All four authors lay claim to extensive knowledge of their precursors, both ancient and continental, thus revealing their erudition. The prefatory materials and individual entries refer to ancient Greek and Roman authorities such as Pliny the Elder (C. E. 23–79), Dioscorides (C. E. 40–90), and Galen (C. E. 129–216) and authorities in Arabic such as Averroës (C. E. 1126–1198/1206). Turner’s work is most overt about this relationship to his ancient and medieval sources, with some of his entries on plants including subheadings that read “Out of Plinie” or “Oute of Galene.”7 Unlike other vernacular volumes, however, these herbals are not merely English translations or derivatives of ancient manuscripts but seek to synthesize the knowledge before them. Thus English herbal entries also incorporate the arguments and experiments of continental counterparts, which include the French translations of Jean Ruel (1516)8 and Charles de L’Écluse (1554) and similar Latin and vernacular synthesizing projects of Hieronymus Bock (1546), Otto Brunfels (1530, 1531, 1540), and Leonhart Fuchs (1542) of Germany, Pietro Andrea Mattioli (1544) of Italy, Dodoens (1554) of the Spanish Lowlands, and the Latin contributions by Pierre Pena of France and Matthias de l’Obel of Flanders (1570), as well as the description of colonial plants by Nicolás Monardes (1569).9 As we will see below, Turner, being the earliest of the English compilers, has a much more fraught relationship with his German, Flemish, and Italian counterparts, but his consolation could be that he would become a resource for subsequent English herbals as well as others written and revised on the Continent. In the 1633 version of Gerard’s herbal, editor Thomas Johnson cites all of the above, including Turner, Lyte, and Parkinson, and of course Gerard, as crucial pieces in the long tradition before him. Of course, for our feminist purposes, it is important to point out that in the English authoritative textual tradition, no woman has a substantial role. While post-second-wave feminist scholars such as Frank Anderson include the work of Hildegard of Bingen in their description of the European tradition, the English authors, most dramatically seen in Johnson’s articulation of his herbal progenitors, claimed a male-only lineage.10
The second trait these herbals share is that they claim to approach comprehensiveness. Indicative of this trait is the language of enlargement, sometimes in conjunction with the word “all,” in the extended titles of these works. That the 1568 edition of The first and seconde partes of the Herbal of William Turner is “corrected and enlarged with the Thirde parte” demonstrates that Turner’s life work strives toward a more complete picture of the names and traits of herbs. Dodoens’s Nievve Herball, or Historie of Plantes purports to “contain” “the vvhole discourse and perfect description of all sortes of Herbes and Plantes.”11 Gerard’s 1597 Herball or Generall Historie of Plantes includes new plants such as the potato, with which Gerard is famously pictured at the end of the front matter, as well as other plants of the “New World,” and is later “very much enlarged and amended” by Johnson in 1633.12 Finally, and this is a point to come back to in our discussion of gender in these texts, the second title page of Parkinson’s Theatrum Botanicum, the longest of the works, sells the text as:
An herball of a large extent: Containing therein a more ample and exact history and declaration of the Physicall Herbs and Plants that are in other Authours, encreased by the accesse of many hundreds of nevv, rare, and strange Plants from all the parts of the vvorld, vvith sundry Gummes, and other Physicall materials, than hath beene hitherto published by any before; And a most large demonstration of their Natures and Vertues.13
The largeness of the volume speaks to its comprehensiveness, a comprehensiveness that the other authors could only attempt to approach, and marks a sense of competition in the later herbalists.

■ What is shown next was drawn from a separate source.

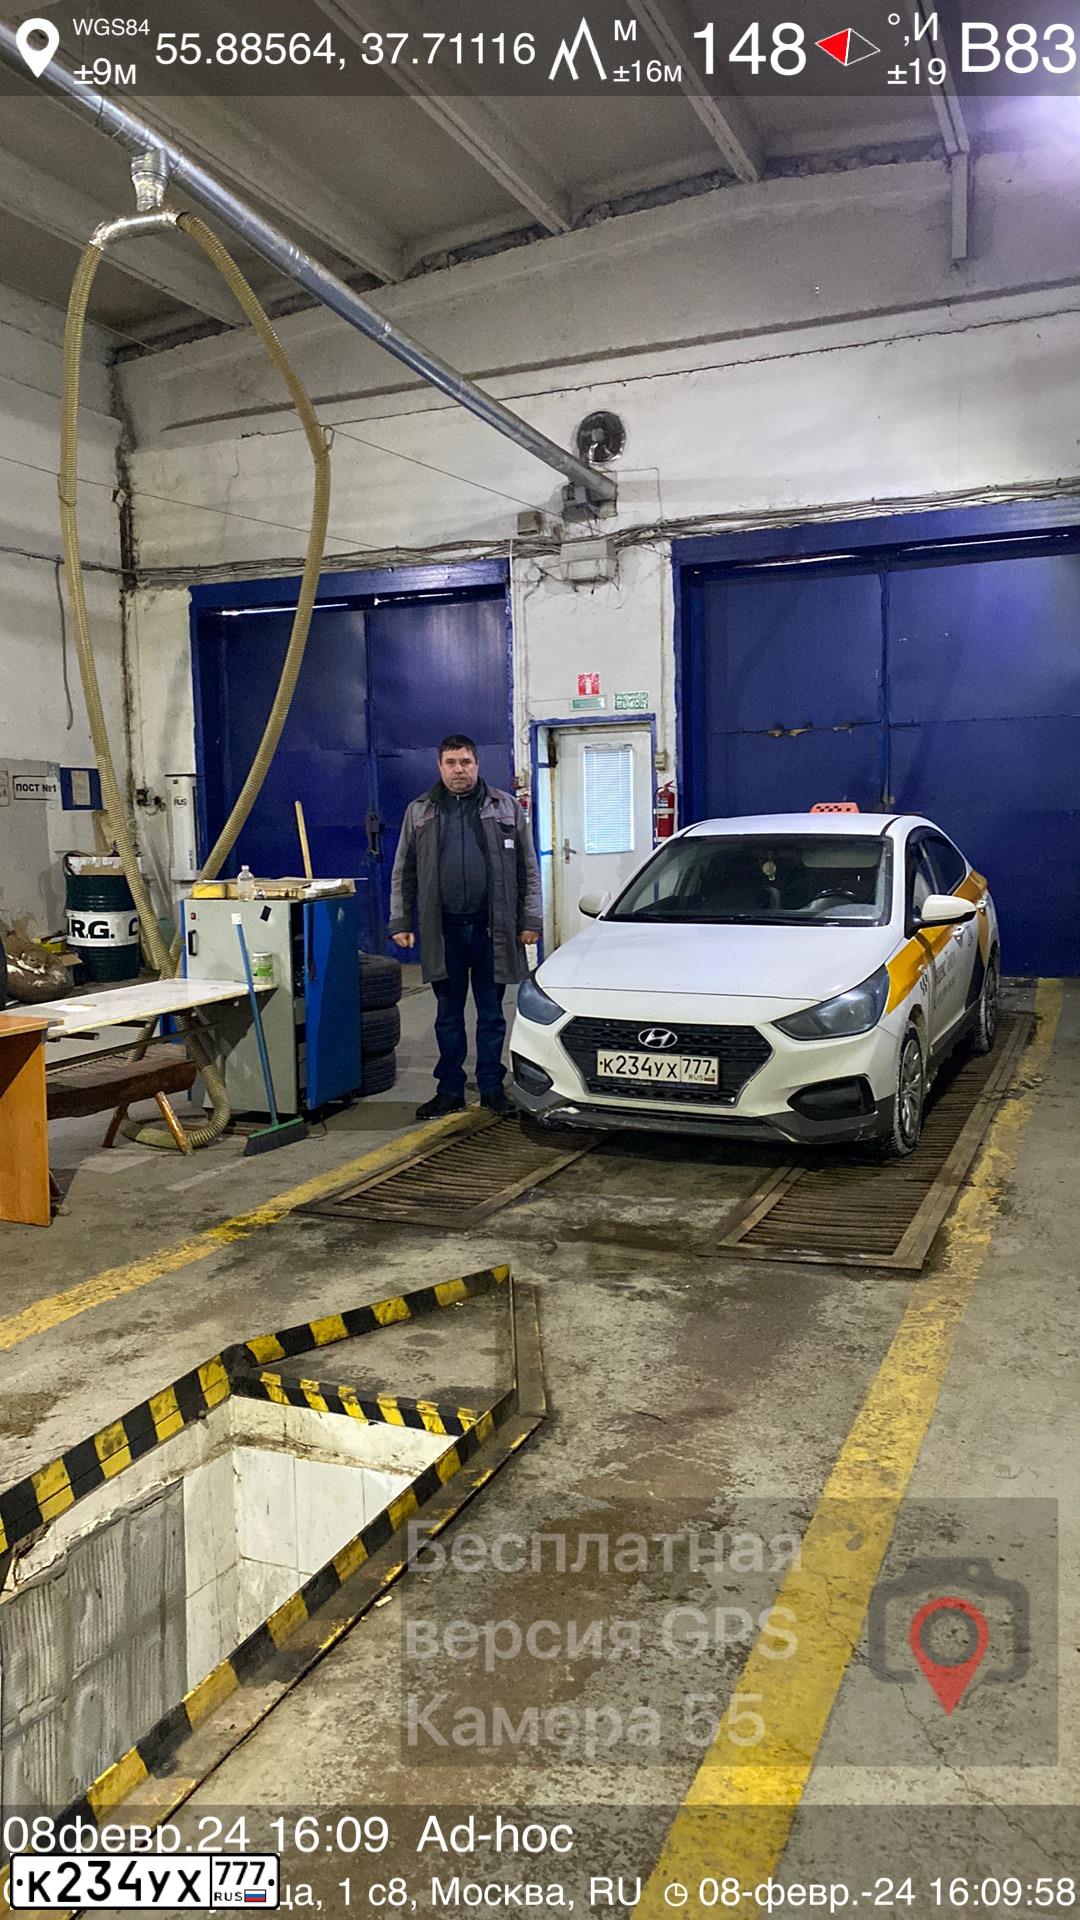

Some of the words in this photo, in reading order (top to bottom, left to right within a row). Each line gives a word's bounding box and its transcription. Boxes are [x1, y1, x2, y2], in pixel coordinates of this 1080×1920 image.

[16, 783, 40, 792] ПОСТ
[42, 784, 57, 792] №1
[682, 1058, 712, 1075] 777

The fact that all of these works appeared in print might go without saying given the nature of this chapter, but it is an important distinction in the history of the herbal, especially given numerous herbal manuscripts in the Middle Ages, most of which, however, simply transcribed or translated classical texts.14 In print, the herbal solidifies its conventional format, one that first describes the herb and its growing conditions and then provides a list of its medicinal, and sometimes culinary and cosmetic, aspects. Developments within these conventions as seen, for example, in Gerard’s system of indexing, which labels each virtue with a different letter, contribute to the popularity of individual herbals. The importance of print in establishing this group as foundational to the tradition, however, becomes most apparent when we consider the example of Gerard’s text, which has as its foundation a manuscript translation of Dodoens’s Latin treatise Pemptades Sex (1583). According to Johnson, a Dr. Priest, physician, left the manuscript to his friend Gerard upon his death, and Gerard completed and revised the work, with the input of Matthias de l’Obel (living in England), a history that is also hinted at in 1597. The consequence of print in the English herbal tradition has meant that the volume is now known as Gerard’s herbal, not as Priest’s, and contributions to and articulations of the tradition hereafter come to recognize Turner, Dodoens, Gerard, and Parkinson as key contributors to the formation of the English herbal.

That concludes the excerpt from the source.